*** Opening of Records ***
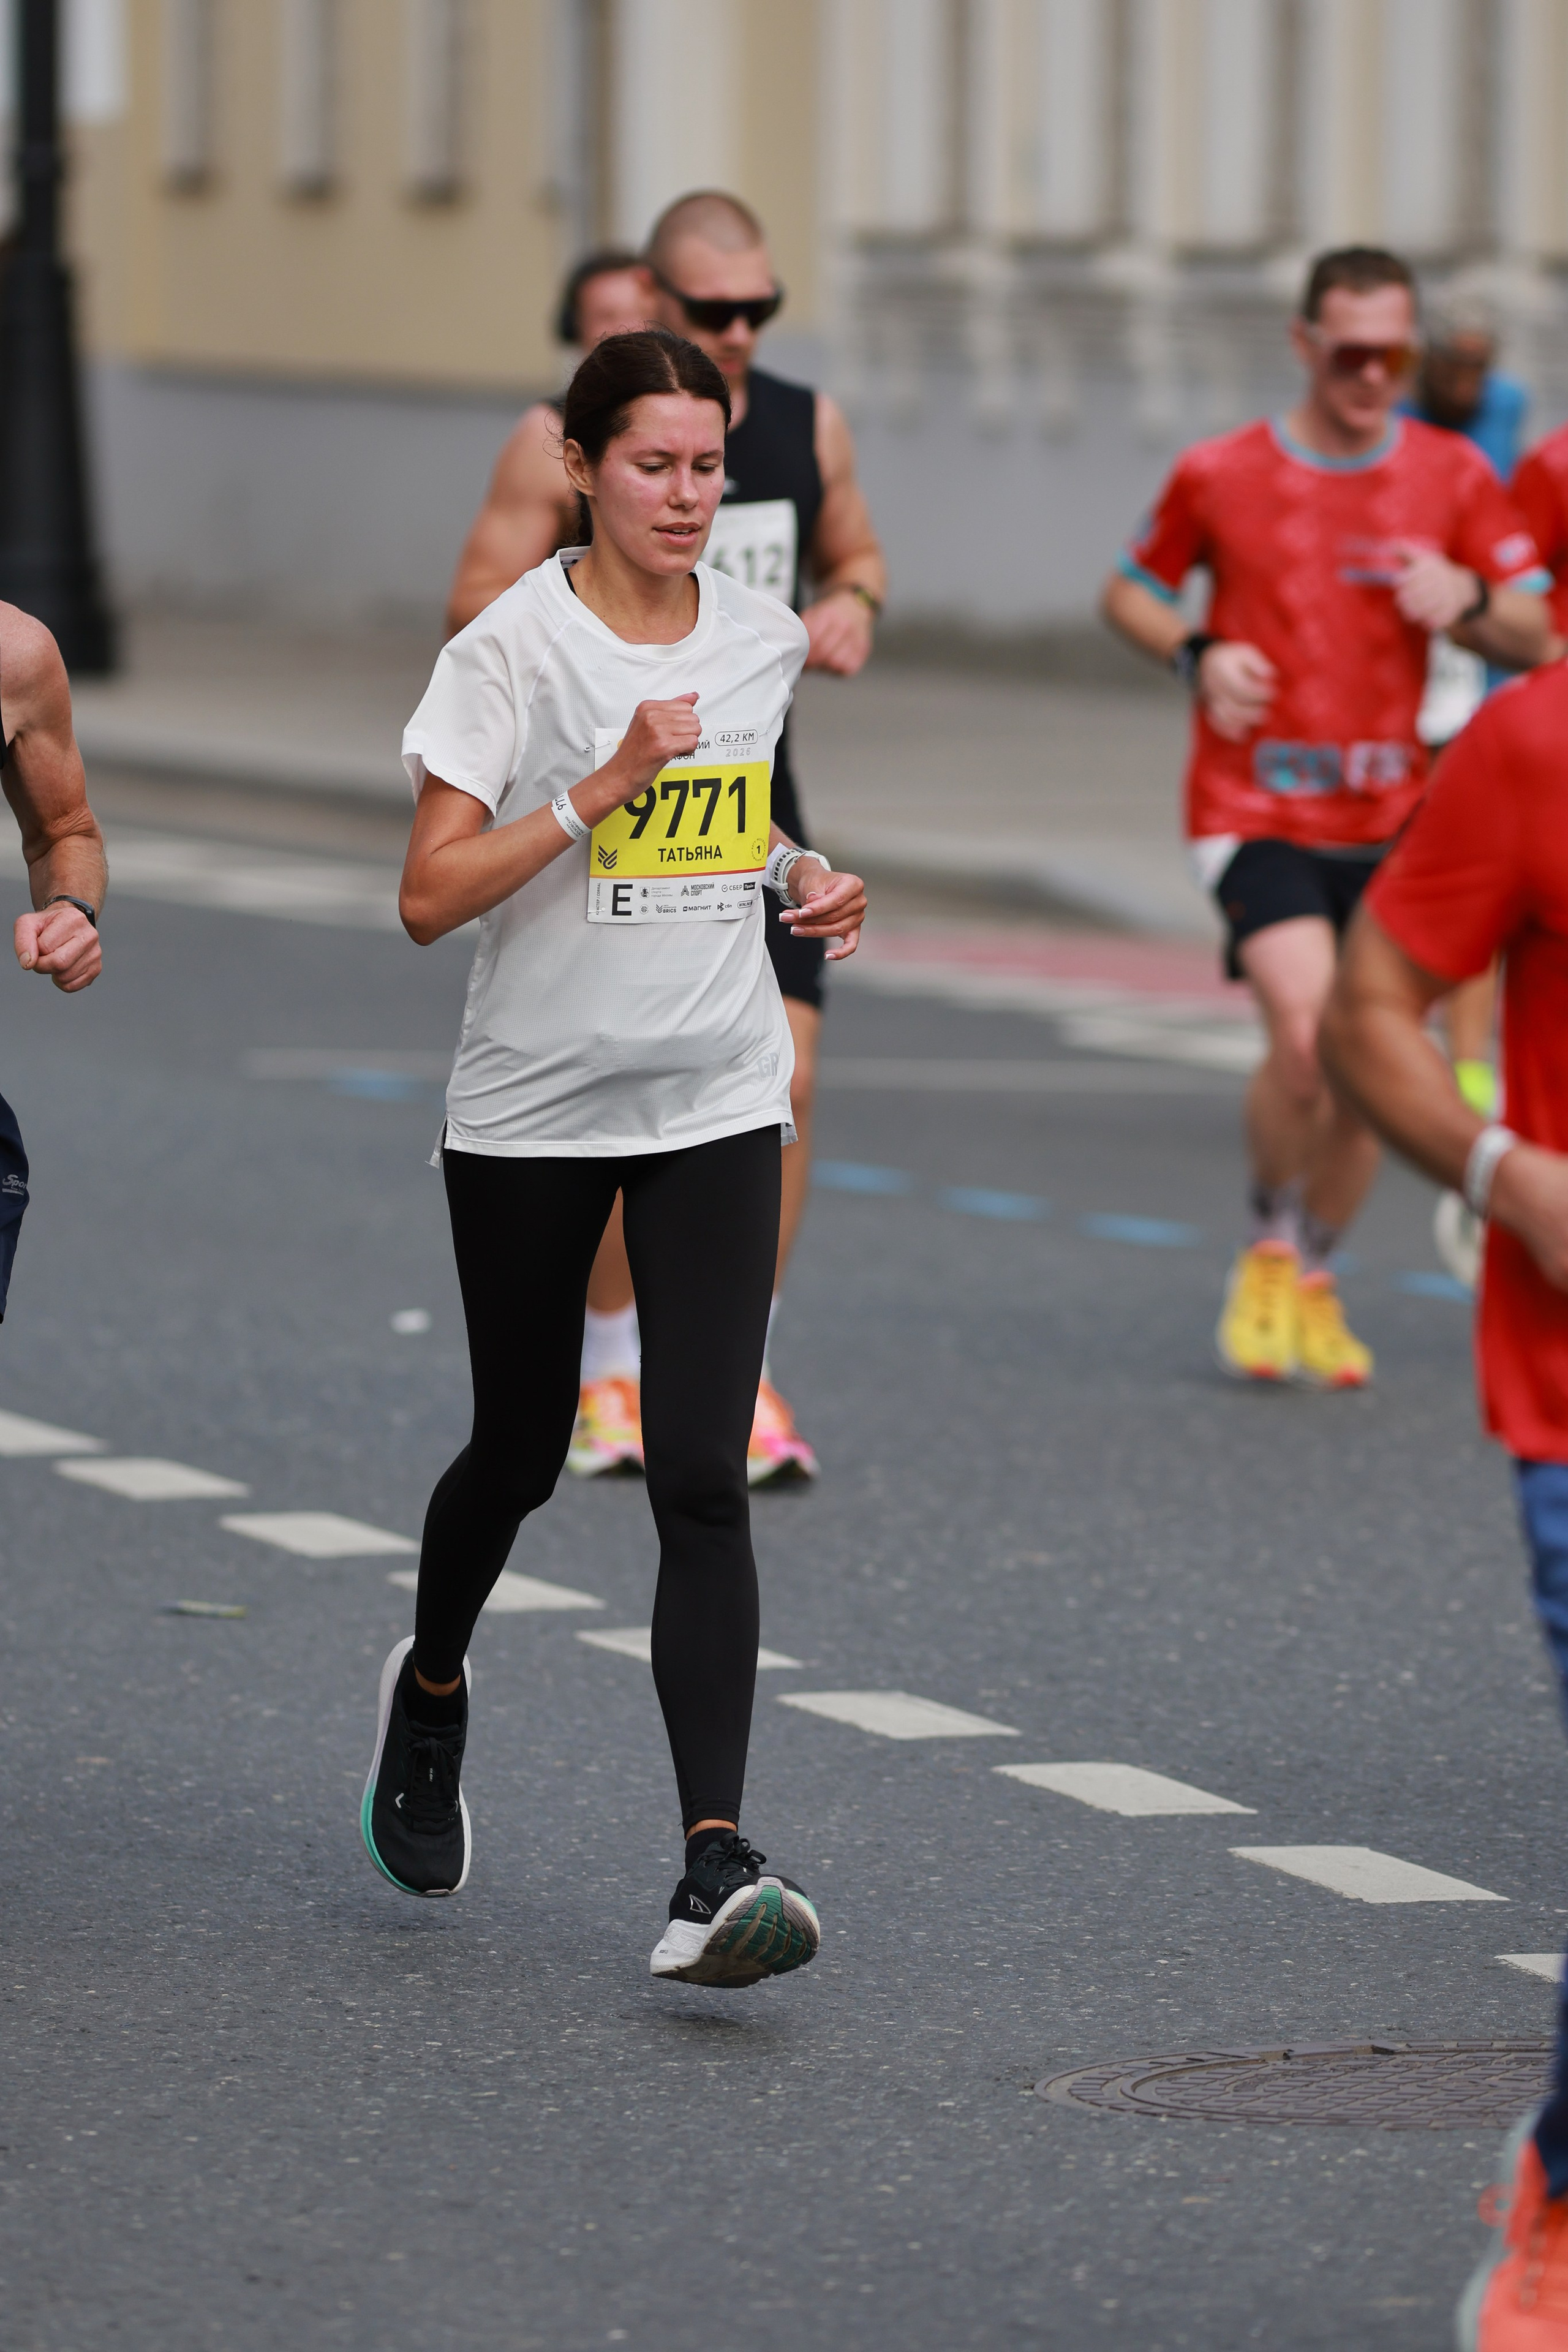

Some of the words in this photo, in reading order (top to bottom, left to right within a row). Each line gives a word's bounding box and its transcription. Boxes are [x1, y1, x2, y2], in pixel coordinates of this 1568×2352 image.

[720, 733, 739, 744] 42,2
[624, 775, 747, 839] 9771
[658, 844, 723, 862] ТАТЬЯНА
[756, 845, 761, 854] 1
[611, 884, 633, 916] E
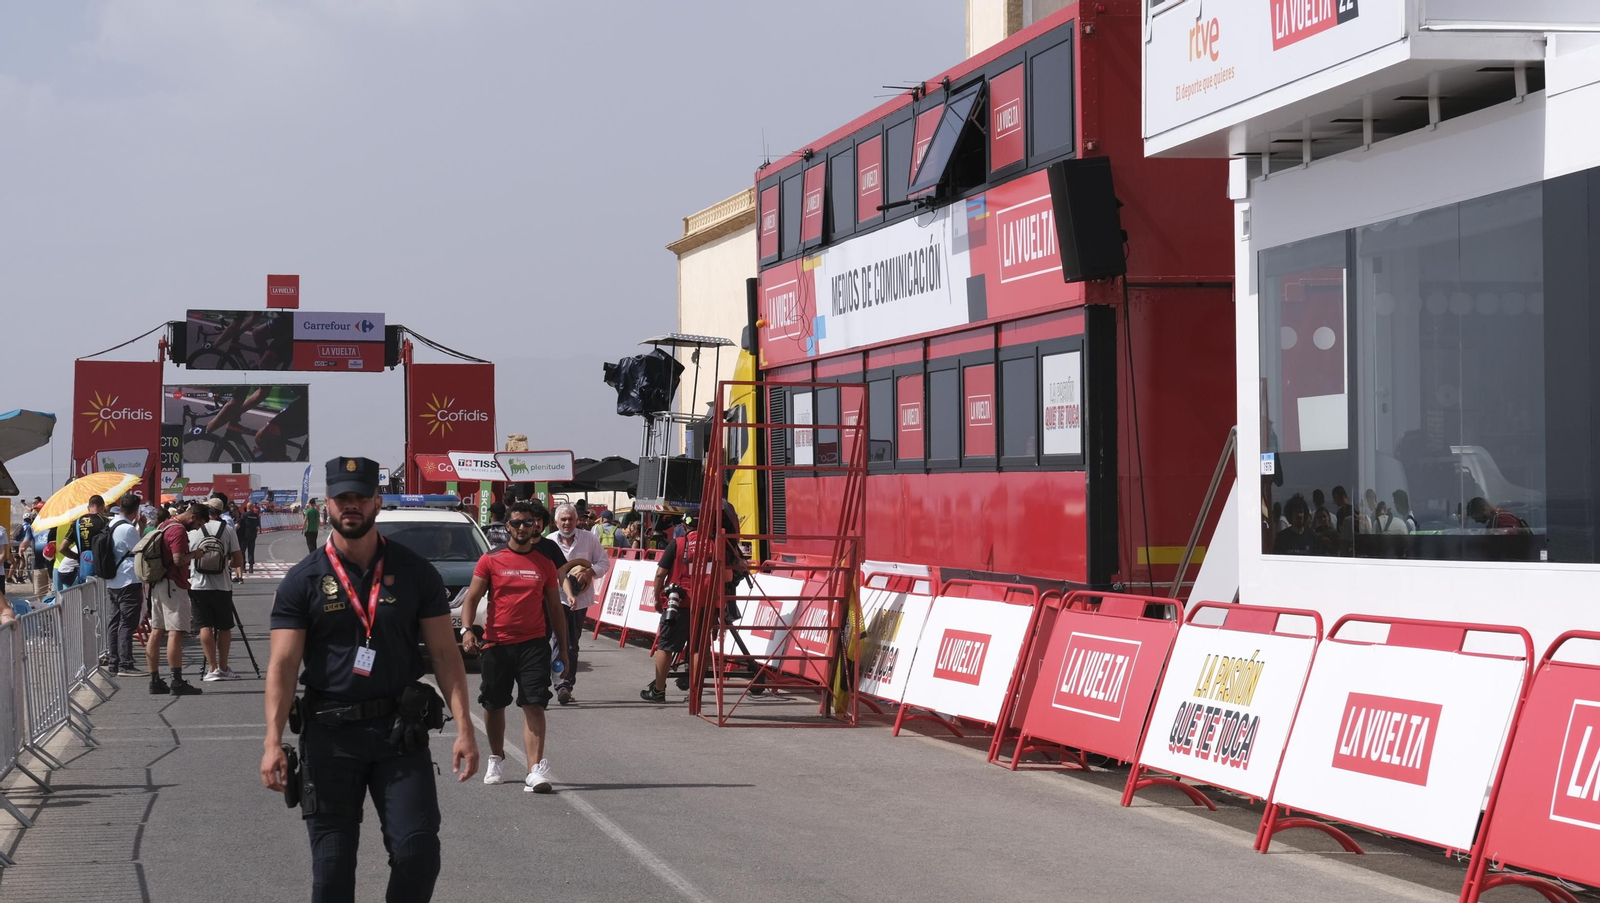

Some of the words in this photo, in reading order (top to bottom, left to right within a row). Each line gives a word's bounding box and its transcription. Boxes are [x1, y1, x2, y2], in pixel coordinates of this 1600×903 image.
*** Close of Records ***
Each record must appear again exactly as written above, without its pictures.

Some of the words in this photo, in reading order (top to bottom, left to right within a row). Each line gives a word's bounding box and its transcription. Boxes are [x1, y1, x2, y2], in pixel coordinates of this 1568×2352 image.

[720, 733, 739, 744] 42,2
[624, 775, 747, 839] 9771
[658, 844, 723, 862] ТАТЬЯНА
[756, 845, 761, 854] 1
[611, 884, 633, 916] E

Some of the words in this photo, in reading order (top to bottom, left to right within a row). Each line gives a word's bounding box and its transcription. Boxes are [x1, y1, x2, y2], in pixel coordinates of this 1600×903 image.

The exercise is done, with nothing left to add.